30.3C on p. 607 for some examples.
- muscles only contract, so they are usually arranged in opposing
groups.
- [Fig. 30.7, p. 611]
Muscle function (skeletal) [Fig. 30.8, p. 612]:
- muscles are composed of bundles of muscle fibers.
- these bundles are in turn composed of individual muscle fibers, which are
actually individual muscle cells.
- in turn, these are composed of:
- myofibrils. And yet again, Myofibrils in turn are composed of two types of
molecules:
- actin - makes up thin filaments
- myosin - makes up thick filaments
- actin and myosin are arranged in a very regular pattern that allows these
filaments to slide past each other as the muscle contracts.
- each unit of actin/myosin is called an sarcomere.
- don’t worry about the names of the different bands (i.e., I band, Z band, etc.).
- actin and myosin fibers lie next to each other. Under certain circumstances, the
“head” of the myosin fiber will make contact with the actin fiber and cause the
actin fiber to slide past the myosin:
- suppose the action potential arrives from a nerve.
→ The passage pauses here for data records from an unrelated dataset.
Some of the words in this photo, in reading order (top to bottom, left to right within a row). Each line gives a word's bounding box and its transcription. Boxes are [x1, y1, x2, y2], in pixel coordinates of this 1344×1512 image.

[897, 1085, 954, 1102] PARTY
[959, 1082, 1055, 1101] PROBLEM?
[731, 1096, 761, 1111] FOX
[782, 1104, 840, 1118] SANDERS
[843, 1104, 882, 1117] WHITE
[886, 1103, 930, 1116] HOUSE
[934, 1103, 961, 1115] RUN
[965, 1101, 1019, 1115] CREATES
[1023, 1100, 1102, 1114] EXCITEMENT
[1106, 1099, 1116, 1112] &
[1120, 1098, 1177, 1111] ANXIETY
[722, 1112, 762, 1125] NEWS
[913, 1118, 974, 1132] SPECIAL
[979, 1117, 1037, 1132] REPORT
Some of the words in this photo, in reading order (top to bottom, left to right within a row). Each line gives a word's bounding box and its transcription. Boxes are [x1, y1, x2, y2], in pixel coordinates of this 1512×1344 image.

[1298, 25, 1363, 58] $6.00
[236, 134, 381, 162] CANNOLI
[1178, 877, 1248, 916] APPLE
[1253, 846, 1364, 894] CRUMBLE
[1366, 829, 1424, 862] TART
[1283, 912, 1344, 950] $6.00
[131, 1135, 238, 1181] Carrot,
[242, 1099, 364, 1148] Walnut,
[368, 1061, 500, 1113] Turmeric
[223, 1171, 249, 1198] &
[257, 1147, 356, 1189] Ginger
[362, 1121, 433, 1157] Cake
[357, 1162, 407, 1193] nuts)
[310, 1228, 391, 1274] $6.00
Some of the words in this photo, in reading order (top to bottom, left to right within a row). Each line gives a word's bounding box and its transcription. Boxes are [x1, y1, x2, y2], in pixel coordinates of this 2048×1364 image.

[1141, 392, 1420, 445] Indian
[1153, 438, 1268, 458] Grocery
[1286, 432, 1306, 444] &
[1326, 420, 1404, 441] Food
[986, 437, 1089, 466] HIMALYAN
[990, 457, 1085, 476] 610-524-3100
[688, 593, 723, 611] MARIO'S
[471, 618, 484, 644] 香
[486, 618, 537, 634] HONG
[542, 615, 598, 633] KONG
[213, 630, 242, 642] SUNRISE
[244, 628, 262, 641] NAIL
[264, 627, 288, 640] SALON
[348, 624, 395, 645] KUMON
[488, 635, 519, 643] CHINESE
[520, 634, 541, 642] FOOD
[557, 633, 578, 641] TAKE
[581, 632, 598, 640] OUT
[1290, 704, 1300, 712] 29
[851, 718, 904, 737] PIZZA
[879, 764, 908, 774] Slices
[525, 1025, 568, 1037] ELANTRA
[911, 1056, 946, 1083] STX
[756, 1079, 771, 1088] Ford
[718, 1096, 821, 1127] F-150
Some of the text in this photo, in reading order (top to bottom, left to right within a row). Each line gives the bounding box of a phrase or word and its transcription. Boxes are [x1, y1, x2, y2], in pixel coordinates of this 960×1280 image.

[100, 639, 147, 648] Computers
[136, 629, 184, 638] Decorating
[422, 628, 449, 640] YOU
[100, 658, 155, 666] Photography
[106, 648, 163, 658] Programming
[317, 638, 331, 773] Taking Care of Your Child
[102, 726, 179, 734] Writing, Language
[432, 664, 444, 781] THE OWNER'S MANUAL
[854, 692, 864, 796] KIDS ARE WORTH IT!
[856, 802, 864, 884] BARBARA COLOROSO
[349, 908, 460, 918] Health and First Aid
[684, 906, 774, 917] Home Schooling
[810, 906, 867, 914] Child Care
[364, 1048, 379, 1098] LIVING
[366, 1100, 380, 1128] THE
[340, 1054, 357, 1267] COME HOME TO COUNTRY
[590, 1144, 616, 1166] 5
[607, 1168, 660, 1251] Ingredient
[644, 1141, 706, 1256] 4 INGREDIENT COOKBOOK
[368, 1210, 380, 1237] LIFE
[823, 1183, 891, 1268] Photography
- acetylcholine is then released, and this transfers the action potential to
the muscle cell.
- this causes the sarcoplasmic reticulum to release Ca+ ions (sarcoplasmic
reticulum actively stores Ca+ ions, and releases them in response to an
action potential [Fig. 30.10A, p. 614].
- these Ca+ ions the modify tropomyosin (they bind to a “troponin” site on
the tropomyosin)[Fig. 30.10B, p. 614].
- tropomyosin normally covers up the sites on the actin that the
myosin heads can attach to.
- by modifying the tropomyosin (Ca+ binding to troponin), the
myosin heads can now bind to actin.
- when the myosin heads can bind to the actin, they do so; the head then
rotates and this results in the actin fibers sliding past the myosin fibers.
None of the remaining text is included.